SM: To be honest, it is a movie. The best way to describe it without going too deep into it. That was the worst 38 days of my life playing under Larry Brown. It started from the beginning. The first day we had a meeting. We sat down and everybody said something. It came around to me, I’m probably like the eighth or ninth guy that they’re asking to say something, and all I said was, ‘Well, everybody’s saying a lot of things, the only thing we can’t forget to do is have fun.’ [Brown] was like, Oh, this guy, he’s talking about having fun. I’m like, What’s wrong with what I said about us going to have fun while we’re getting ready to go play these games? You got to have fun while you’re playing.

He tried to coach the team like it was his team. He forgot it was America’s team. It was always something. He was really trying to coach guys, like, you’re my player and this is what I’m telling you to do. You’re going to do this the way I do things. I’m like, you got all of these players playing that are good. You got us trying to play like how you coach George Lynch and Matt Geiger and all of these guys that you coach or coached in your past. You got a bunch of talented players. Because he tried to coach the team like that, it never really panned out and people [didn’t understand] what was expected of them on the basketball court. You had guys that knew how to play basketball that looked confused on the court while playing.

DP: So over-coaching is an understatement? He should have just thrown the ball out and just go. 

SM: You didn’t have to do anything, to be honest. All you had to do was just let guys play. It wasn’t about playing that year. It was weird how he was trying to coach. Him and I, we were at it. It was so bad, they tried to send me home. They tried to send me home. Literally. I’m like, I’m not going nowhere. They were like, Oh, we can just say your knee’s hurt. We can just tell them that you got an injury. I said, ‘What? Nah, I’m not doing that. Y’all want to send me home, you’re going to tell them that you’re sending me home.’

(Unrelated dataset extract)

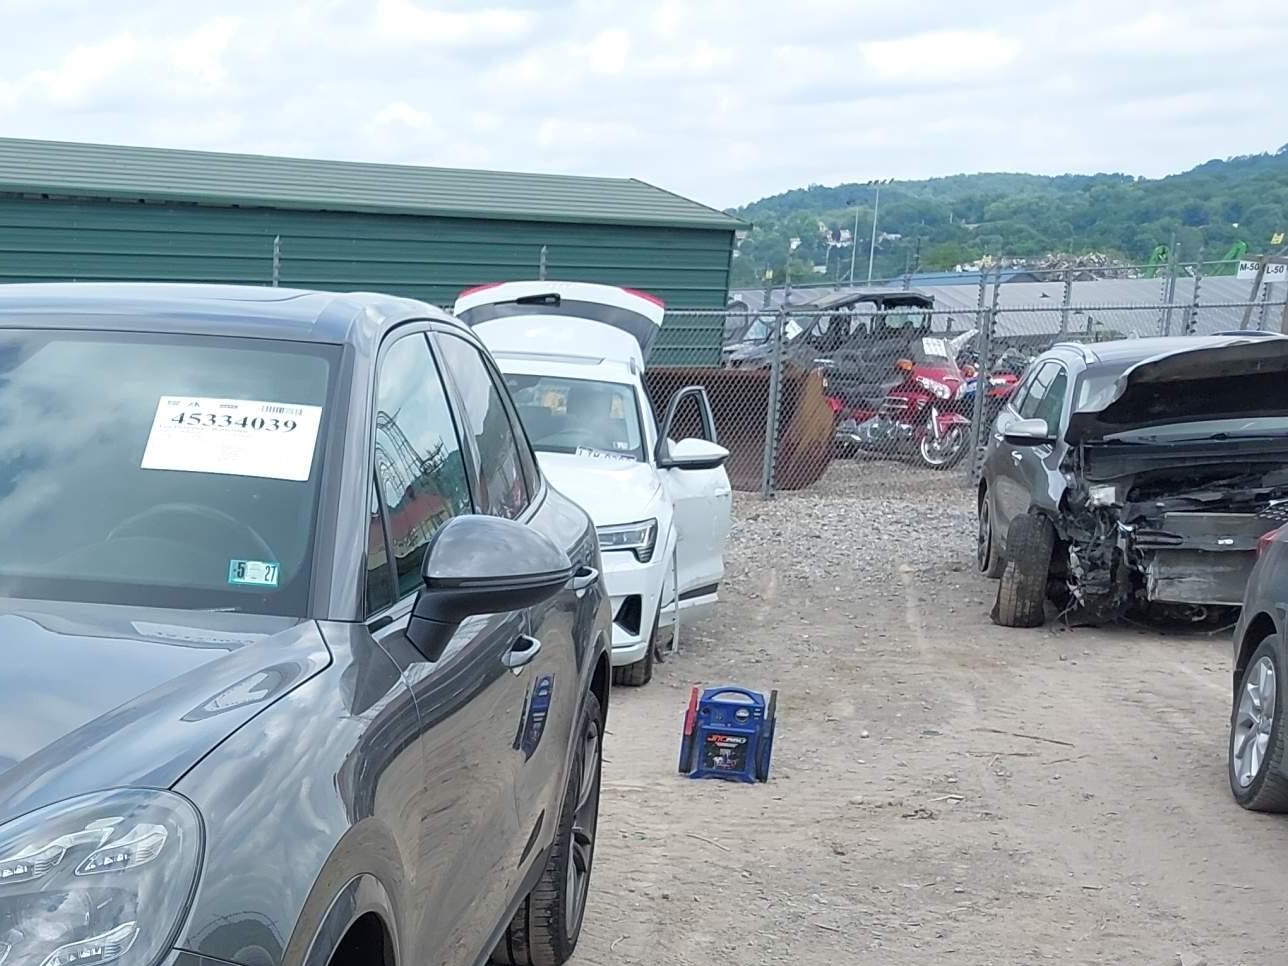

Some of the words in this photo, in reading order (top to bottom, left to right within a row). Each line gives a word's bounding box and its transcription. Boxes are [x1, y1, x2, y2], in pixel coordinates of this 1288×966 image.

I used to get on the bus in the hot ass sun an hour and a half before anybody got on and sleep on the bus just so I wouldn’t have to say anything to Larry Brown in the morning. Every practice… This dude was trying his hardest to break me and it wouldn’t work, and he used to get mad as hell about it.

KNICKSTAPE

DP: You eventually end up on the Knicks. I’m bugging out. You’re home. You’re going to rock the Garden. 

SM: This is all I wanted playing basketball as a kid. I grew up a Knicks fan. Loved the Knicks. Cried when they lost. That type of shit.

DP: Was the situation ever good while you were there, other than just being home? 

SM: When I first got there, it was great. [Overall], it was a rollercoaster. There’s no other way to put it. I think with so much changing, you never really got a foundation. Different coaches coming in and out. Different systems, different people, different ways of how people thought the team should play. We couldn’t find any consistency. 

DP: It sounds just like the Knicks now. 

SM: It is what it is. For my situation, it was all a learning experience. It was all supposed to happen—me going through what I went through to learn all of what I learned. 

DP: What happened when Coach Mike D’Antoni came to New York?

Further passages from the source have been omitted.